Perhaps it's too obvious, but if you're not using them, you wouldn't see any real life productivity gains, would you?


They have easily improved my coding productivity by 40%


What programming language are you using and in which ways are LLMs helping you? How do you deal with subtle mistakes?


Python, not that it really matters.

We had to develop something internally regarding genlock and a ring buffer that Python wasn't going to work, so an engineer at our company picked up C++. Mind you, he's never written a line of C++ in his life and has close to no experience with C-style languages at all.

Within 2 days he had completed the prototype to synchronize multiple latency sensitive gear with leading/falling edge methods in C++. (On top of his other work.)

3 days prior to it he'd written no C++.

When asked how he did it, he said: "Claude is the best translator out there."

As for subtle mistakes, you still need to know how to code. Compilers make plenty of subtle inaccuracies and we still use them for most applications, don't we?


That's interesting! I wouldn't feel comfortable using a non memory safe programming language without any experience in it though. Claude could introduce memory handling bugs and I might not be able to spot them.


My personal experience has been that the “smarter autocomplete” in the IDE is the bulk of the value add for me. It handles a lot of the really rote stuff - “create a struct that matches this data structure”, “add an accessor for this property”, “make another unit test with a slight variation on this” and saves me an enormous amount of time typing.
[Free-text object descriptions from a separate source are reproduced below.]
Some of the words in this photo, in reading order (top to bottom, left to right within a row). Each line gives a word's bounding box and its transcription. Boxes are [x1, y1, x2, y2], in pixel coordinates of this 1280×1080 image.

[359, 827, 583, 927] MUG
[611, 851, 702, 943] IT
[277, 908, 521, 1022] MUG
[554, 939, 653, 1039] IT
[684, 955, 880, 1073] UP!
I’ve had basically no luck getting code from the chat-style interfaces, though. The bugs often aren’t even subtle, and it’ll either argue with me that there’s not a bug or apologize and produce exactly the same code again.
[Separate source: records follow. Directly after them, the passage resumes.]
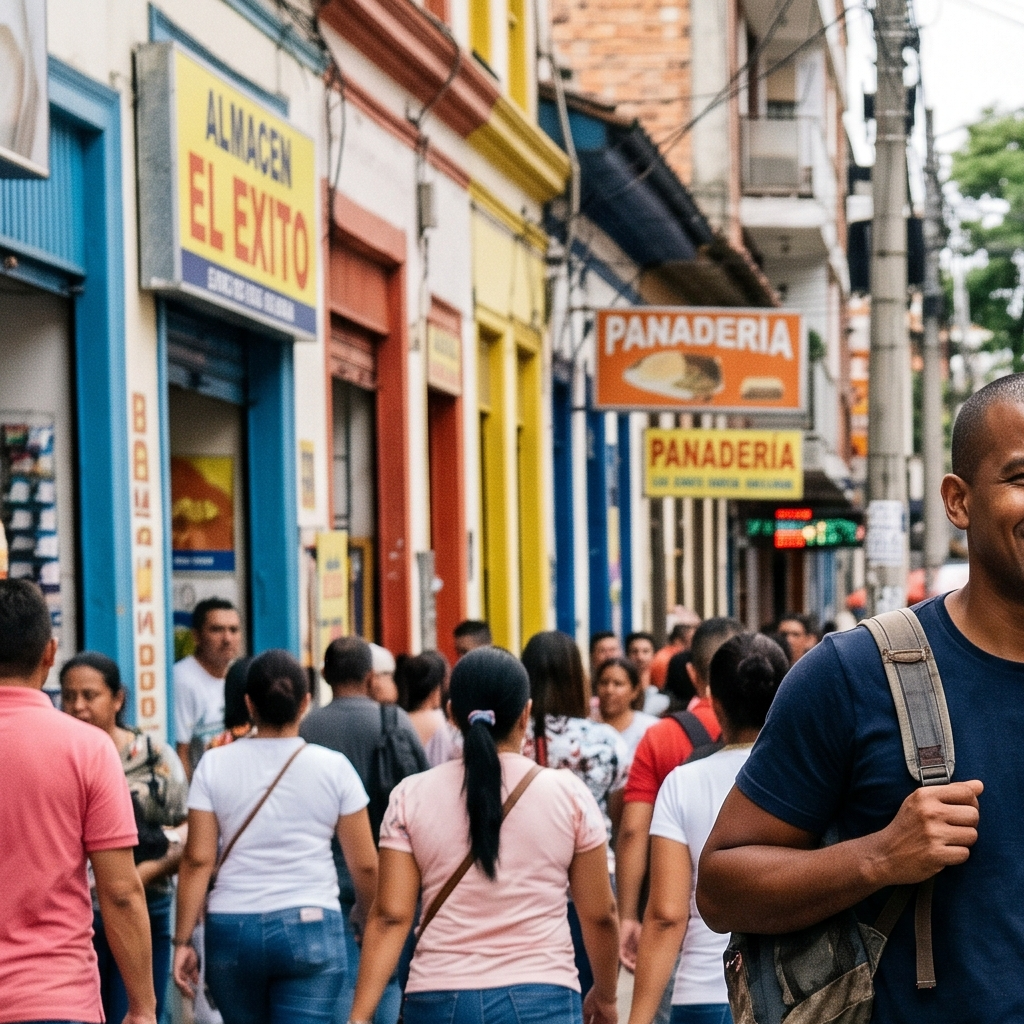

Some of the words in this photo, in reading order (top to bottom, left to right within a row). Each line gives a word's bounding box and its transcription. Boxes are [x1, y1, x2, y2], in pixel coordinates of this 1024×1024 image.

[205, 87, 292, 190] ALMACEN
[188, 149, 224, 252] EL
[232, 174, 309, 291] EXITO
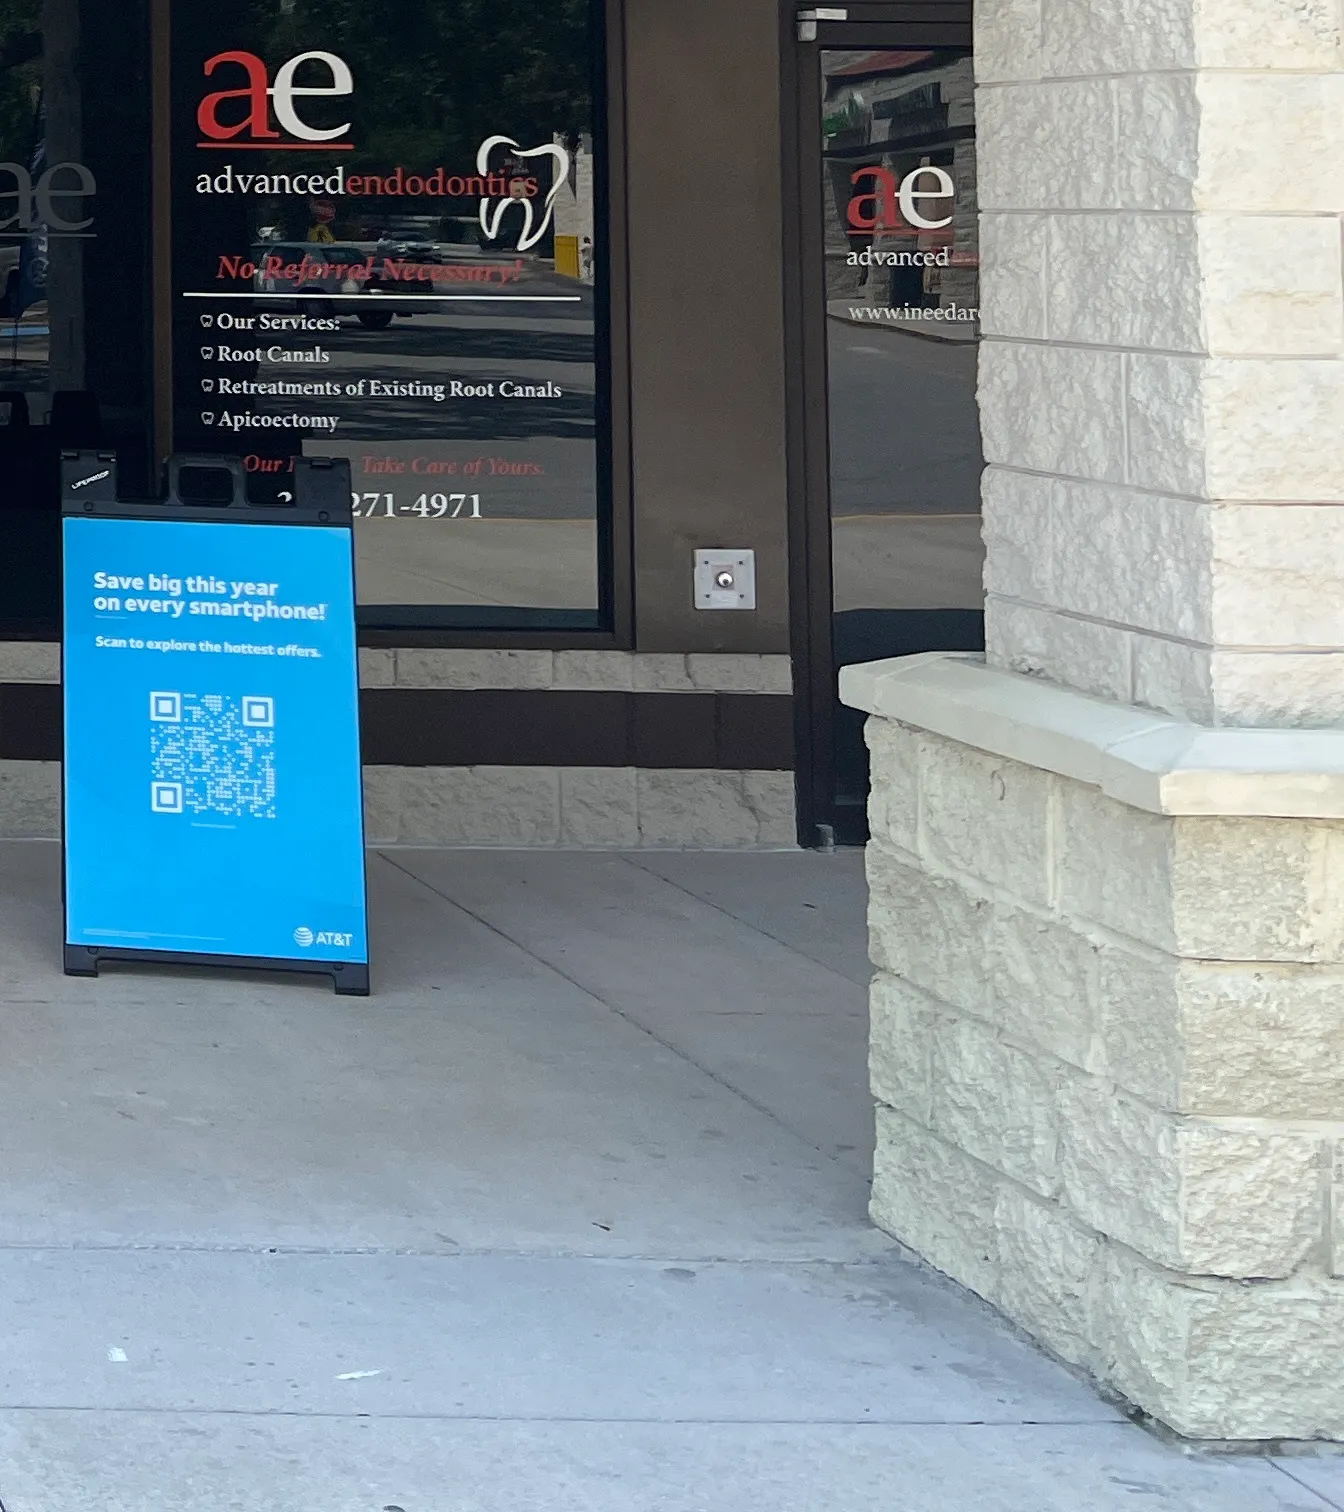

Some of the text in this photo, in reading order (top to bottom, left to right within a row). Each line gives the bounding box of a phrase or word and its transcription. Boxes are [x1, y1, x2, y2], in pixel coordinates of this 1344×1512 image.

[197, 51, 354, 141] ae
[847, 166, 955, 229] ae
[216, 255, 524, 288] No Referral Necessary!
[217, 313, 341, 331] Our Services:
[217, 346, 330, 363] Root Canals
[218, 378, 562, 401] Retreatments of Existing Root Canals
[217, 411, 340, 432] Apicoectomy
[243, 455, 282, 472] Our
[362, 456, 405, 474] Take
[412, 457, 458, 474] Care
[463, 458, 482, 477] of
[94, 572, 279, 599] Save big this year
[93, 597, 326, 622] on every smartphone!
[95, 636, 323, 658] Scan to explore the hottest offers.
[315, 931, 353, 947] AT&T
> saves me an enormous amount of time typing

But typing is like less than 1% of the time spent programming, it doesn't take many seconds to type the things you mentioned and it takes significantly longer to figure out you want to make them.


In the moment, having to type anything more than half a line is still a distraction, as you can still make typos, or start watching as the starts to highlight issues as you type (which may or may not be real issues). Reducing distractions in the moment still can help keep flow going for some people.